RECORDS TO USE:
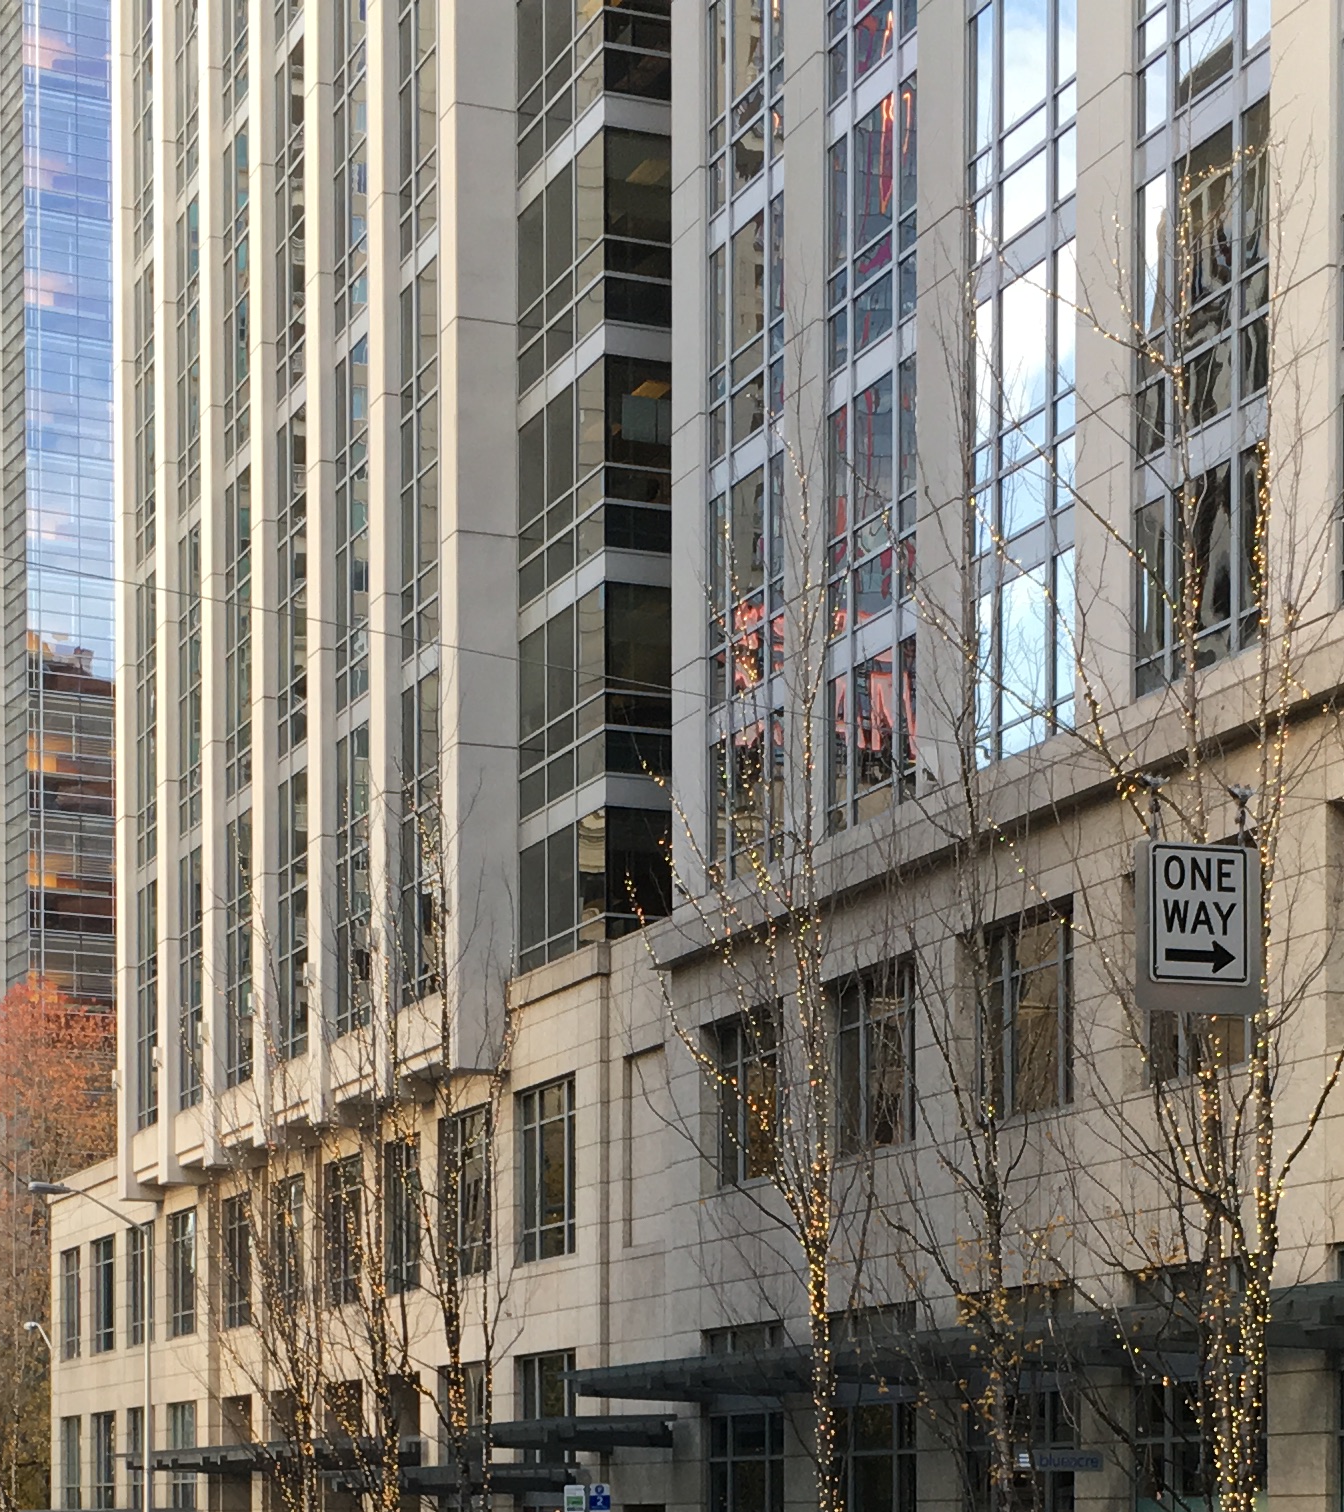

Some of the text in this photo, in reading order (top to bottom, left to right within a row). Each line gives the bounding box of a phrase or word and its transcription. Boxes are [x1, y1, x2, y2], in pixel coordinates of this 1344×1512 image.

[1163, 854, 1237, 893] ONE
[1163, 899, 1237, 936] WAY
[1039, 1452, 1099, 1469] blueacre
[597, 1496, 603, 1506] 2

REQUIREMENT: Would you please repeat each record exactly? Leave the pictures out.

TASK ANSWER:
Some of the text in this photo, in reading order (top to bottom, left to right within a row). Each line gives the bounding box of a phrase or word and its transcription. Boxes are [x1, y1, x2, y2], in pixel coordinates of this 1344×1512 image.

[1163, 854, 1237, 893] ONE
[1163, 899, 1237, 936] WAY
[1039, 1452, 1099, 1469] blueacre
[597, 1496, 603, 1506] 2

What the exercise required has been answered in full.